Breast discomfort is a normal part of being a woman. It is almost always not a sign of breast cancer. Breasts are mammary glands that are responsive to natural hormonal changes, especially fluctuations in estrogen, that occur at menstruation, menopause, and pregnancy. Hormonal changes can cause breasts to become hot, swollen, tender, and painful to the touch. “Breast discomfort is really common for women,” says Amanda Clark, M.D., assistant professor of obstetrics and gynecology at Oregon Health Sciences University in Portland. “We see it a great deal during early pregnancy, with menstruation, and during early hormone therapy at menopause.”

Breast care specialists say that for most women, breast discomfort waxes and wanes with the menstrual cycle. Right before and during menstruation, higher-than-usual levels of the female hormone estrogen may cause one or both breasts to swell and become tender. Discomfort ranges from mild tenderness in some women to excruciating pain in others. (Taking oral contraceptives produces similar effects.) For many women monthly bouts of breast discomfort disappear with menopause--unless they undergo estrogen replacement therapy.

Causes Breast Discomfort

Cyclic breast pain appears to have a strong hormonal association. However, studies have not found a consistent hormonal abnormality. The fact that pain often decreases or disappears with pregnancy or menopause lends support to a hormonal association.

As hormonal imbalance is the most probable cause for breast tenderness during menstruation periods, the first step is to ensure your body has the support it needs to maintain good hormonal levels. The best way to go should be to start with a healthy nutrition and maybe follow a hormonal imbalance treatment such as alternative medicine.

Inverted nipple: Repeat occurrences of inverted nipple can lead to mammary duct ectasia. A newly inverted nipple also may obstruct milk ducts, causing inflammation and infection. A nipple that's newly inverted also could be a sign of a more serious underlying condition, such as cancer.

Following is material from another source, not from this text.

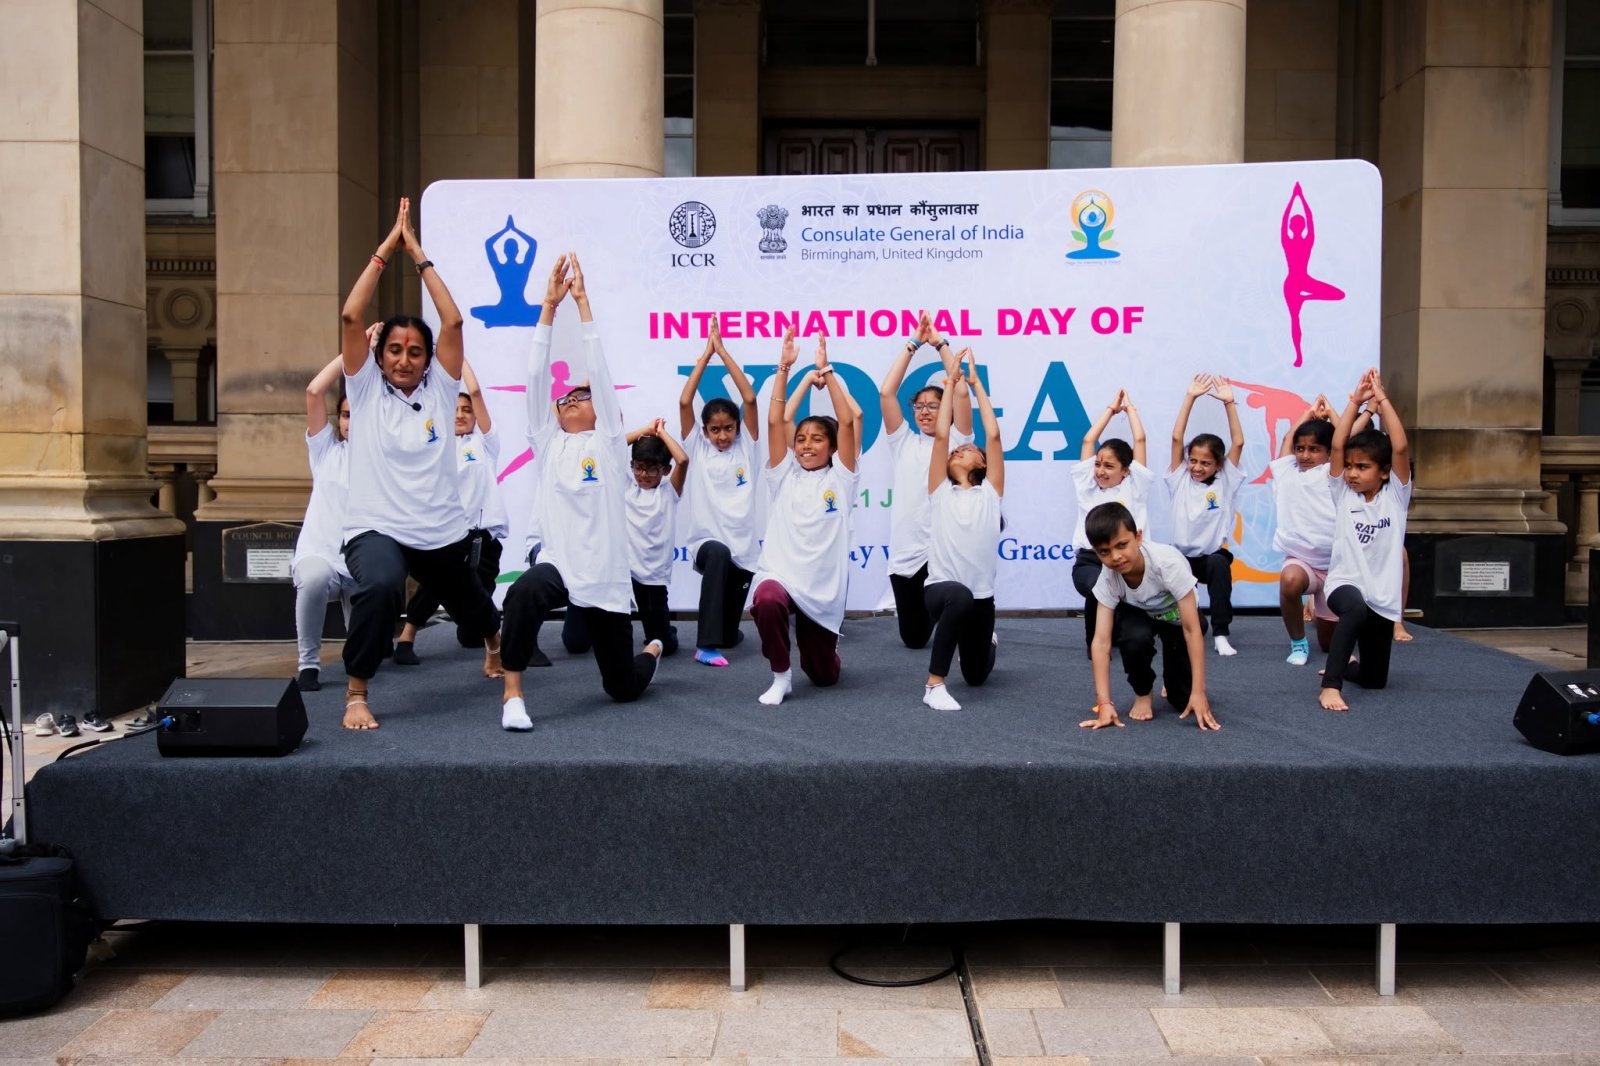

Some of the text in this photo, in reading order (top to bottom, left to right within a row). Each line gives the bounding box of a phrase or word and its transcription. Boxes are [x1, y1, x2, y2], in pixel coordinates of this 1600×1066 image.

Avoid touching or stimulating your breasts and avoid hot showers. Binding your breasts may also help. You may try wearing pre-pregnancy sports bras. Wear the bra for a few days and the discomfort should decrease.

Symptoms of Breast Discomfort

Cyclic breast pain: Cyclic breast pain usually occurs in both breasts and involves the entire breast, particularly the upper, outer portions, extending into the underarm area. With cyclic breast pain, you may feel tenderness, swelling or lumpiness in addition to the pain. Women often describe this type of breast pain as dull, heavy or aching. It tends to be most intense during the week or two before your period and to ease up afterward. Cyclic breast pain is the most common type of breast pain, accounting for about two-thirds of cases.

The symptoms are grouped under a variety of different umbrella terms, including cyclical breast pain, cyclical mastalgia (which literally means breast pain), cyclical mastitis or fibrocystic breast disease. Despite their severity and the disruption they can cause, most breast problems are benign, not cancer. However, don’t be tempted to ignore them. Any unusual changes in your breasts should be reported to your doctor.

Forget the calendar. Like many women, you chart your menstrual cycle by consulting your breasts. A week or two before your period, your breasts start to hurt. Then once your period begins, the discomfort subsides...only to start up again next month.

No matter what a woman's age, the discomfort seems to escalate with emotional stress or prolonged inactivity. Excessive amounts of salt, fat and caffeine also seem to have a negative impact.

Symptoms may range from mild to severe. Symptoms typically peak just before each menstrual period, and improve immediately after the menstrual period.